As Warren Buffett said “Investing is simple, but not easy.”
Hope you’re enjoying the debate ;) Here are a couple of other articles that I thought you might enjoy…
http://www.globeadvisor.com/servlet/ArticleNews/story/gam/20100428/HALLETTATL
http://thewealthsteward.com/2012/09/a-simple-but-successful-actively-managed-portfolio/
@Jas and @Noel: Actually, I could have done even better. As I now know the winning number of the latest national big lottery draw, all I needed to have done was purchase a ticket and enter that number. I don’t see why other people could question the irrefutable logic of my investment approach.
@CCP: Seriously, now, I have found this site to be very informative, and the discussion that follows very stimulating to challenge my own understanding and new belief in the merits of Passive Investing, and hopefully, to strengthen this understanding by such challenging.
However, for the neophyte, I see now that it may be confusing to interpret comments in posts without understanding the author’s point of view. For instance, Dan Hallett, above, has explicitly clarified his stance.
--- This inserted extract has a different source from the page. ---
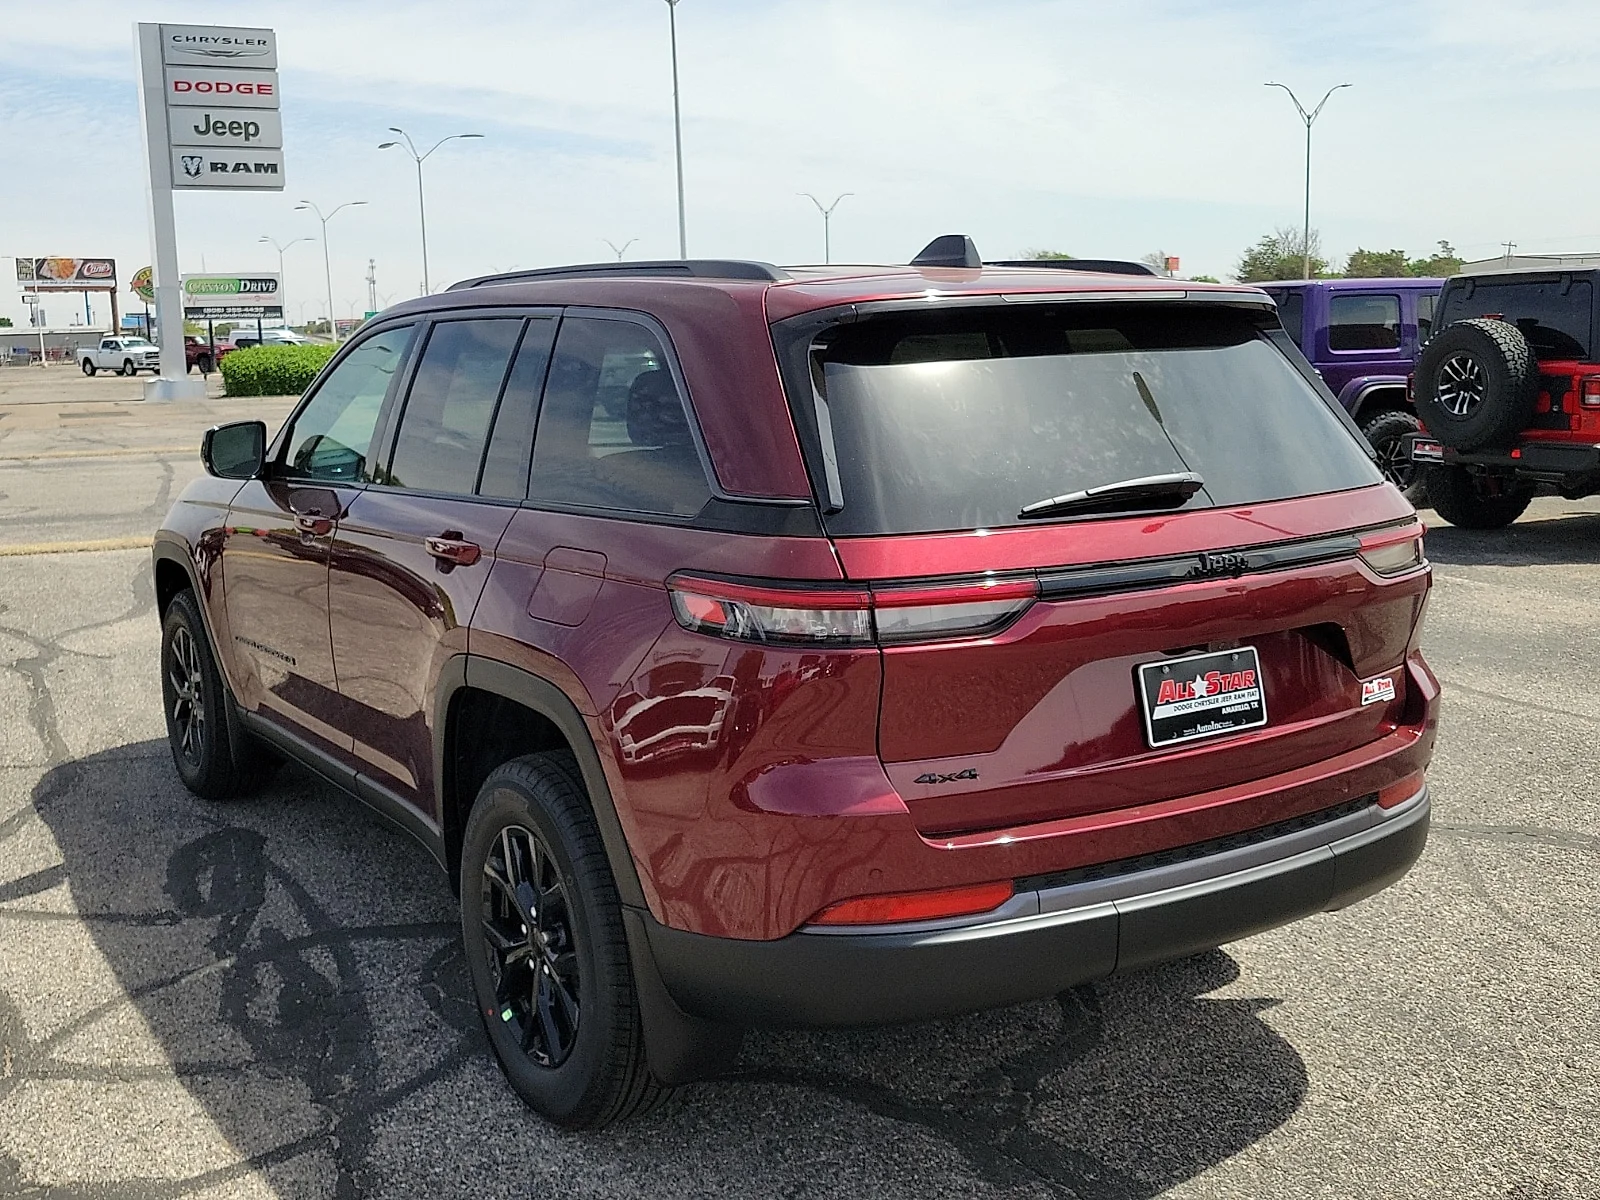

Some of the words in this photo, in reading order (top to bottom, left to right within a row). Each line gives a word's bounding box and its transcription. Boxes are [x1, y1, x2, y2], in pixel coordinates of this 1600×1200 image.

While I wholeheartedly accept his convictions and the absolute right to hold and express them, perhaps neophytes viewing this site may make the unwarranted assumption that all knowledgable posters on this site are committed advocates of Passive Index investing. (I must admit that when I first started following this blogsite I thought so too, and was initially puzzled by some comments posted, until I understood how it worked.)
I think the introduction of different points of view adds to the value of this blogsite, but I wonder if there exists the possibility of self designation in the form of some sort of labelling. For instance, I would designate myself as “Neophyte, recently converted but fervent believer in Passive Index Investment”. Then If I made a statement that seemed to imply favouring market timing or strategic selling, someone could rightfully comment that this was contrary to my stated beliefs. And another neophyte reading my comments, but understanding the Couch Potato Principle better than me might then not be confused but could realize that this was merely the misguided pronouncements of a neophyte.
Someone who self-designated himself as “Favours Passive Index Investing but does not rule out Active Calls or purchase of certain stocks when warranted” or “Completely Skeptical of Passive Index Investing Principle” and made an investment suggestion that was essentially a timing call or a stock pick would then not provoke further comment or puzzlement from readers. Just a thought.